Govone, Risorgimento, Darsena: centinaia i proprietari sulla carta. Costruttori in liquidazione e cantieri infiniti. I clienti: una truffa, per fare il rogito ci chiedono sempre più soldi.

 

Il cantiere infinito in piazza XXV Aprile (Newpress)

MILANO – Proprietari, ma «precari». I 267 citta­dini che hanno comprato un box in via Govone, zona Mac Mahon, aspettano da gennaio 2007 di firmare l’acquisto di fronte a un notaio. Dopo due anni e 3 mesi di ritardo sui lavori, oltre 40 mi­la euro già pagati e una richiesta d’au­mento dei prezzi del cento per cento, possono usare il loro garage. Ma ne hanno preso possesso secondo l’inedi­to equilibrismo giuridico della cessio­ne «a titolo precario». Altri 23 cittadi­ni, che contestano il rincaro dei prezzi, non hanno neppure ritirato le chiavi. Va anche peggio in piazza Risorgimen­to: qui altri acquirenti, che si sono rifiu­tati di cedere ad aumenti di prezzo del loro garage (aumenti giudicati illegitti­mi dal Comune), sono stati esclusi dal­la cooperativa. «E ora andremo in Tri­bunale», dicono.

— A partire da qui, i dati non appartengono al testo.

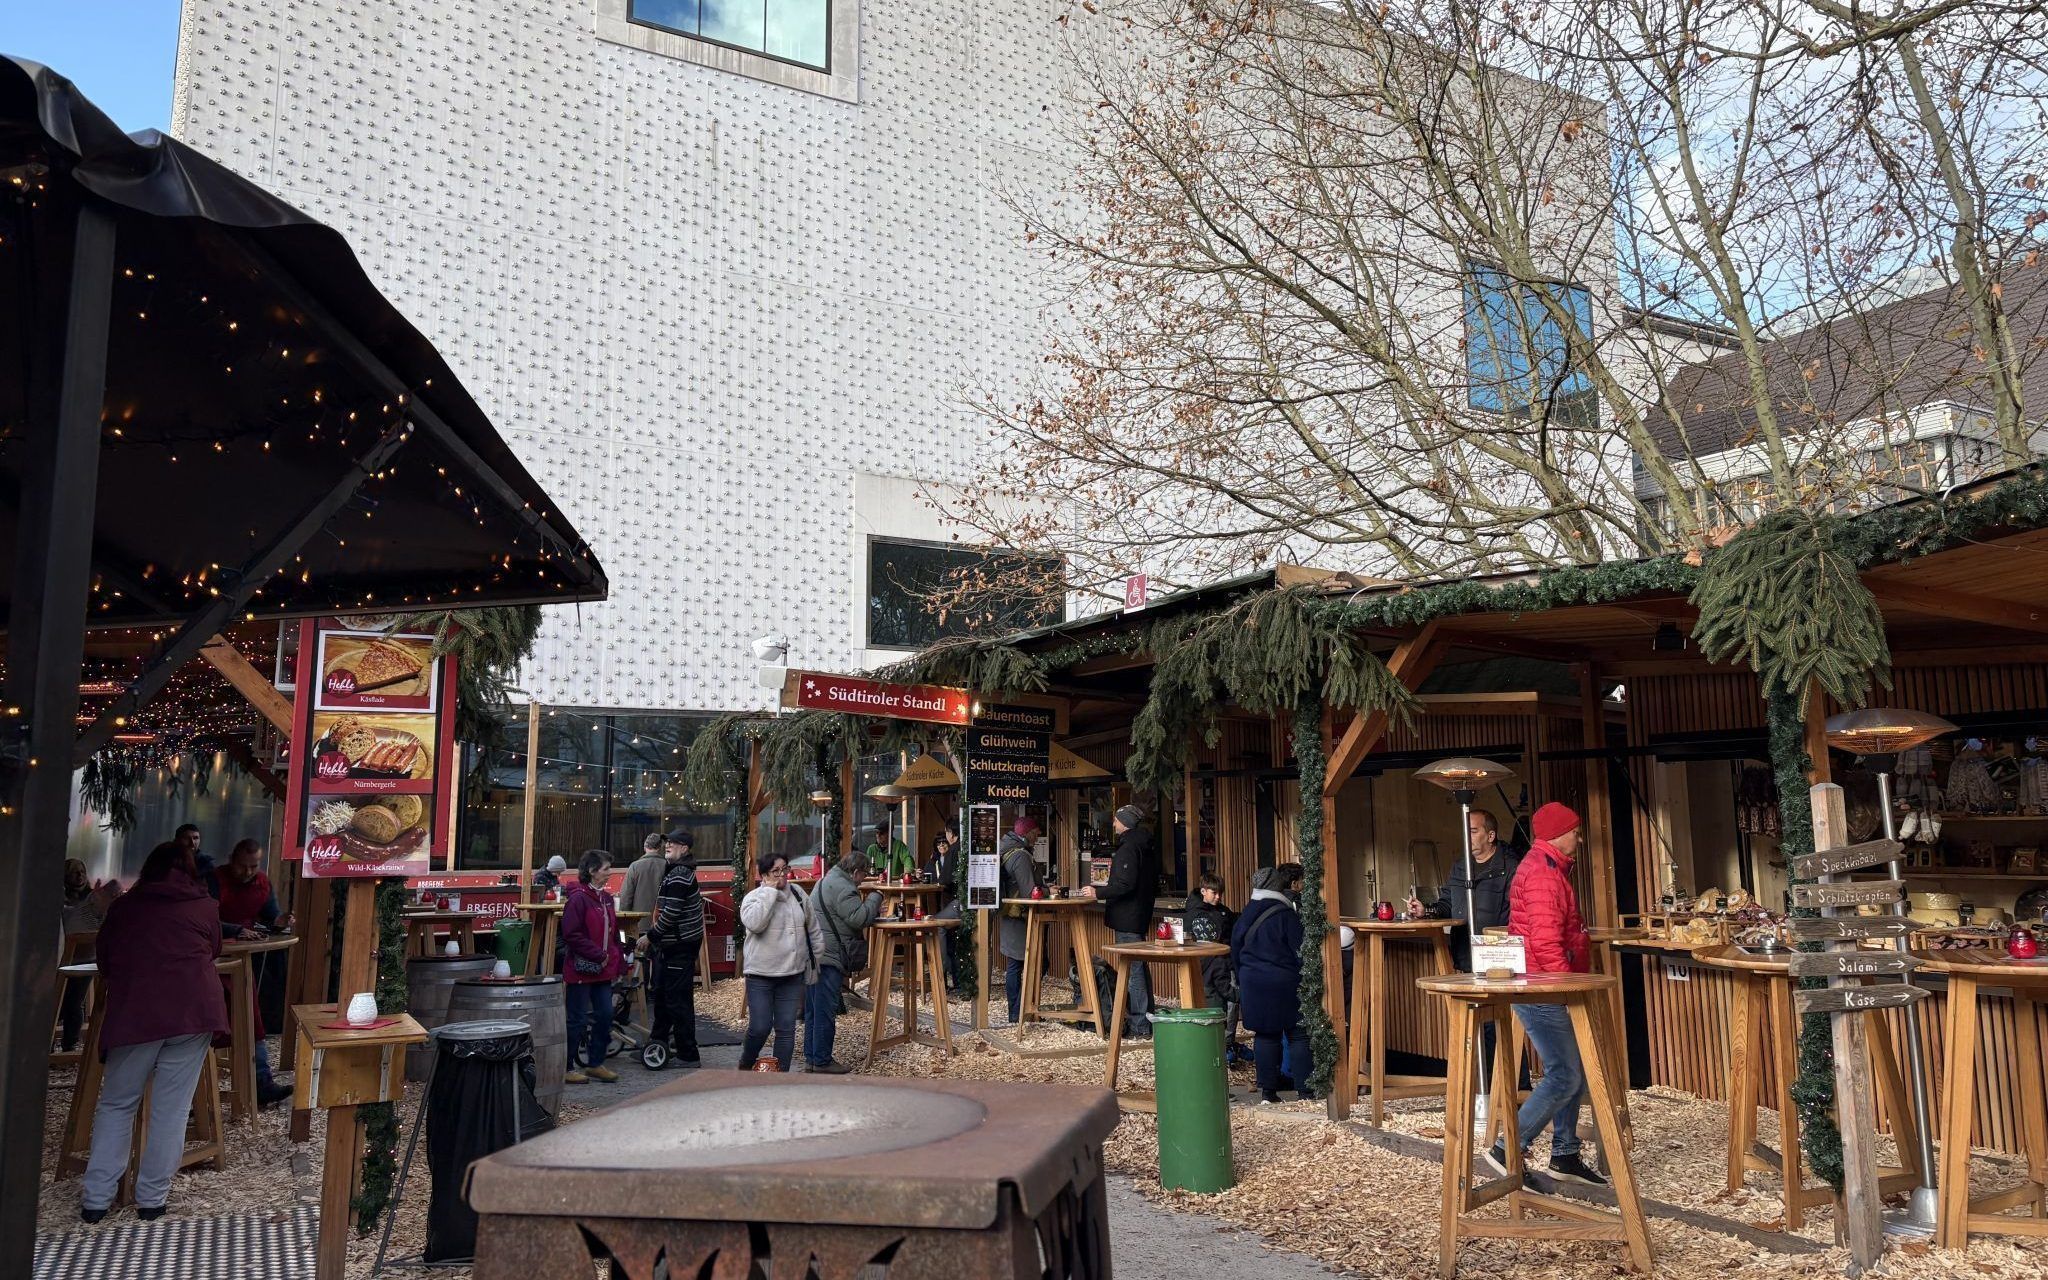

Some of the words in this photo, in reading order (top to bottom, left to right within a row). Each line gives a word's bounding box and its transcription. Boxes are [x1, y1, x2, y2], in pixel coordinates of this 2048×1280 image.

[328, 678, 355, 690] Hehle
[828, 686, 900, 708] Südtiroler
[903, 694, 947, 712] Standl
[979, 706, 1051, 725] Bauerntoast
[980, 734, 1037, 749] Glühwein
[318, 761, 349, 775] Hehle
[970, 758, 1046, 775] Schlutzkrapfen
[353, 780, 396, 790] Nürnbergerle
[987, 784, 1030, 798] Knödel
[311, 844, 342, 858] Hehle
[466, 902, 518, 913] BREGENZ
[1839, 957, 1878, 972] Salami
[1845, 991, 1876, 1007] Käse

Poi c’è piazza XXV Aprile, dove il costo dei box è già salito da 26 a 33 mila euro. Prima ancora del­l’inizio dei lavori. La politica dei parcheggi interrati ha disseminato la città di crateri prima, di contenziosi e battaglie legali oggi. I ca­si di Govone, Risorgimento e XXV Apri­le sono tutti legati alla stessa azienda, la Vfv Consultecno della famiglia Villo­resi. Una galassia di cooperative rag­gruppate nel consorzio edilizio «Il Qua­drello». E due Spa, tra cui quella che do­vrà scavare per costruire 700 posti au­to sotto la Darsena. Lì sui Navigli, il cantiere non è neppure partito. E da tre anni l’antico porto di Milano è ridotto a una discarica, in cui gli unici a goder­sela sono i topi che sguazzano tra fan­go e immondizia. Le nuove perizie spiegano come è stato impostato l’«affare box»: dal 2001 l’«interesse pubblico» di ridurre il traffico ha dato il via a oltre duecento cantieri per parcheggi sotterranei, un giro d’affari da oltre un miliardo di eu­ro, finito per lo più in mano a 5 grossi gruppi di costruttori. Con un sistema di regole che garantiva sentieri e scor­ciatoie.

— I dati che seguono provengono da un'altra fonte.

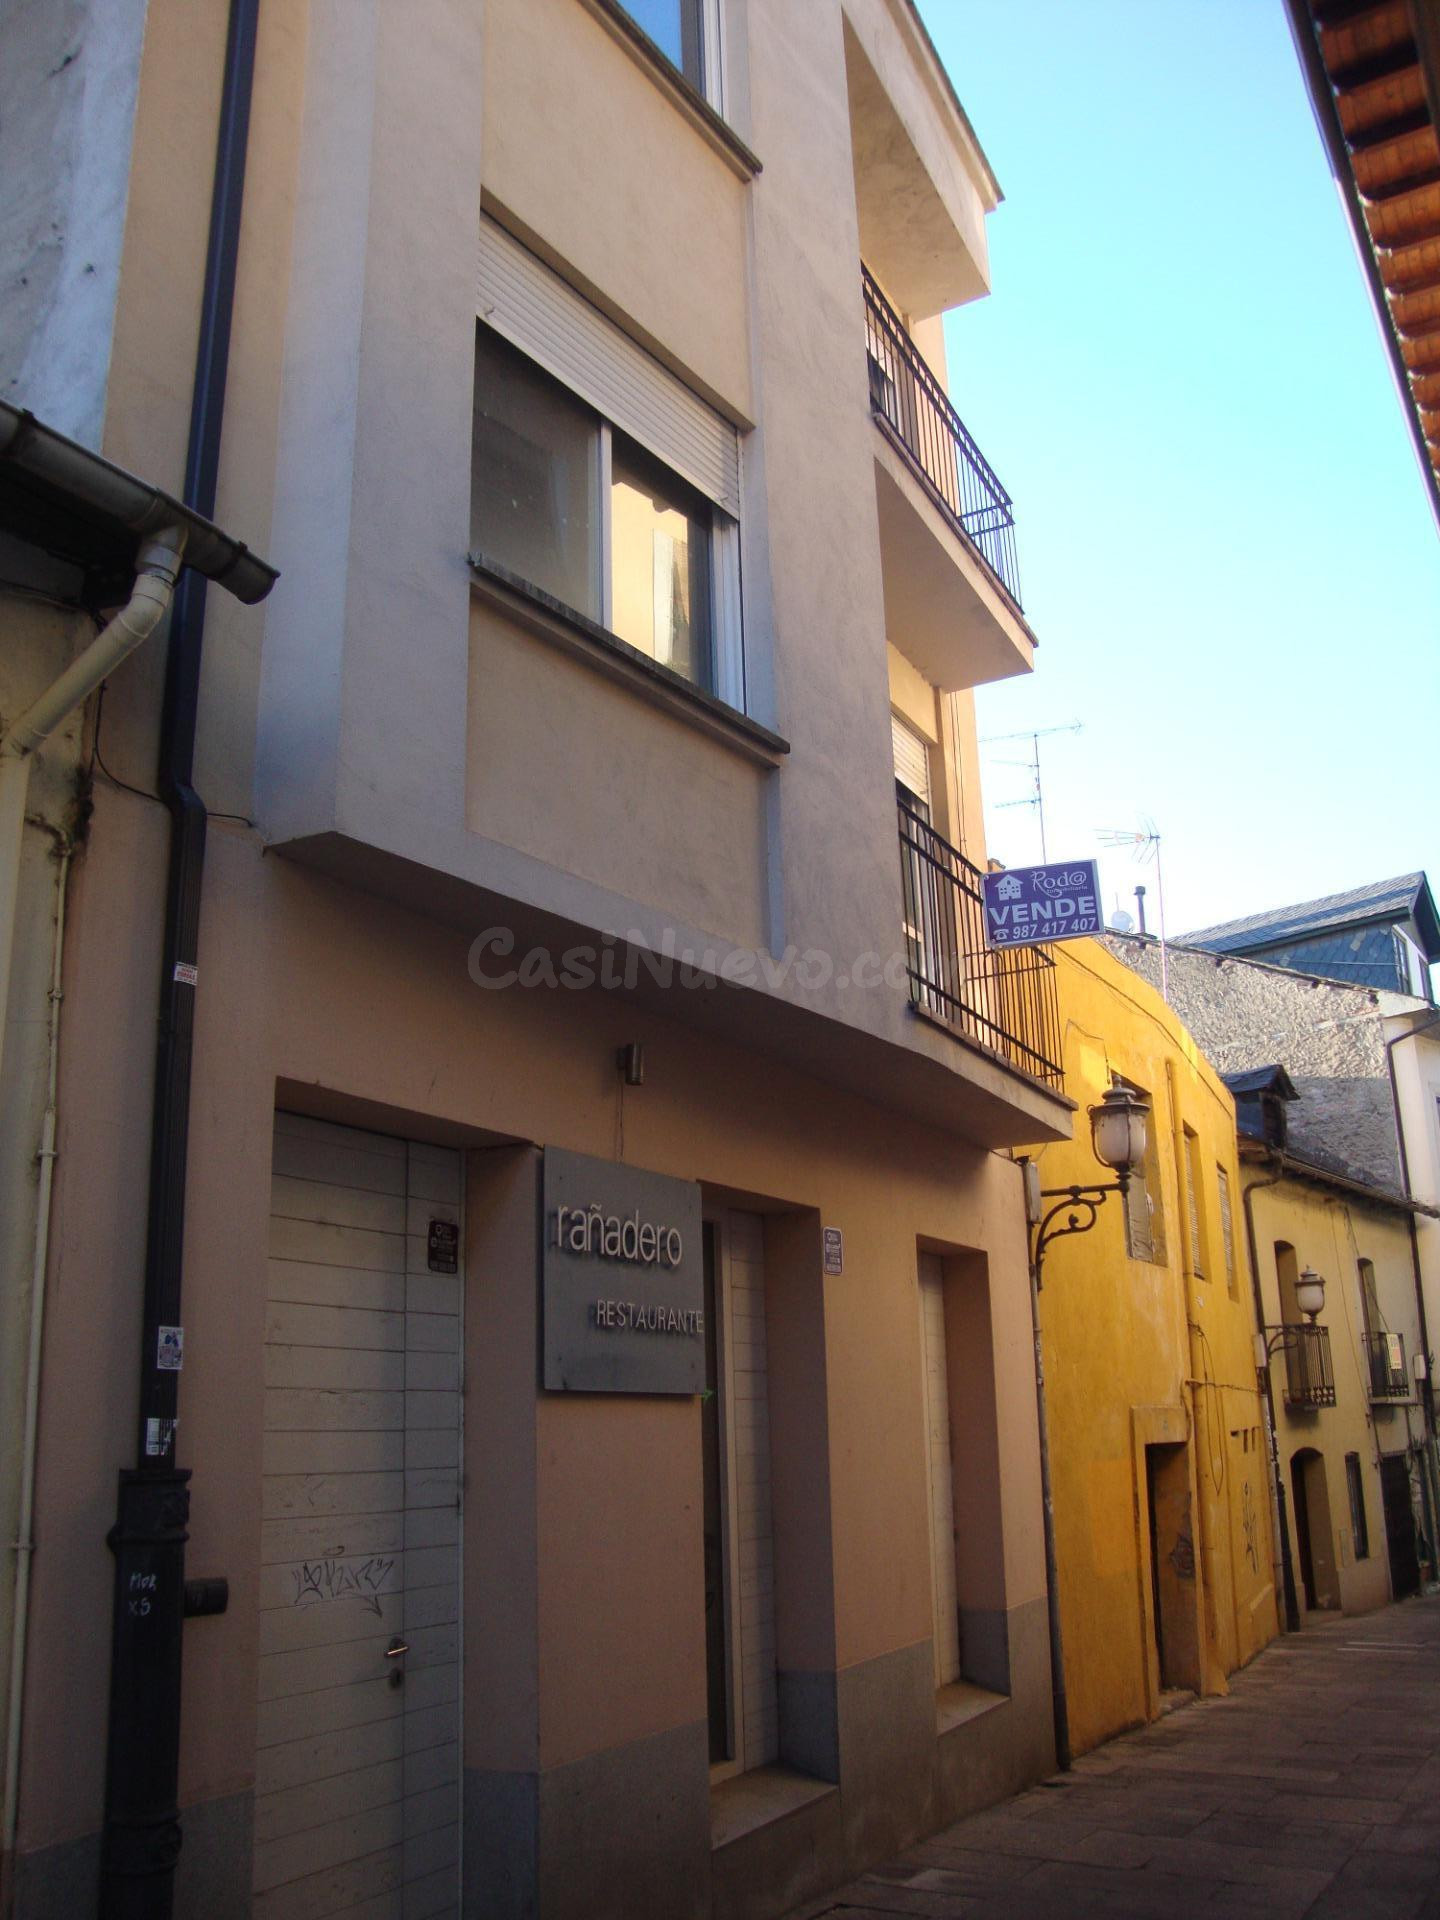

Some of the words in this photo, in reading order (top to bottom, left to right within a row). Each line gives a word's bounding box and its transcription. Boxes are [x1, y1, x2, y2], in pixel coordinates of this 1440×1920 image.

[1030, 870, 1087, 898] Rod@
[988, 896, 1096, 925] VENDE
[1012, 924, 1038, 939] 987
[1042, 920, 1067, 935] 417
[1071, 917, 1096, 932] 407
[557, 1204, 682, 1265] rañadero
[596, 1300, 705, 1333] RESTAURANTE

Funzionava così: il Comune metteva a bando un’area, si faceva la gara, se l’aggiudicava quasi sempre la prima azienda ad essersi proposta. A quel punto veniva fissato un prezzo medio a cui vendere i box, i cittadini accorrevano e pagavano, poi spuntava­no una miriade di lavori «imprevisti» in corso d’opera e i prezzi salivano del 10, 20, 50 per cento. E anche di più. Con il cambio della giunta, da Albertini a Moratti, e con la città martoriata da lavori infiniti e proteste, è arrivata una stretta sulle regole. Il caso di via Govone è emblematico: a maggio 2004 l’area viene concessa al­la società «Il Quadrello», a patto che co­struisca il parcheggio in 540 giorni e venda i posti auto a un costo medio di 19.930 euro. I cittadini firmano e paga­no. I lavori dovrebbero terminare a no­vembre 2005, ma il parcheggio viene concluso oltre 2 anni dopo, a dicembre 2007. Ma la vera sorpresa è il prezzo: la richiesta per un box (come riportato dalla perizia «arbitrale» depositata il 30 giugno scorso) sale a 36.238 euro. Perché? L’azienda elenca una serie di impro­babili «imprevisti», come l’obbligo di doversi adeguare in corso d’opera alle leggi antincendio (che ovviamente do­vevano essere già rispettate nel proget­to iniziale).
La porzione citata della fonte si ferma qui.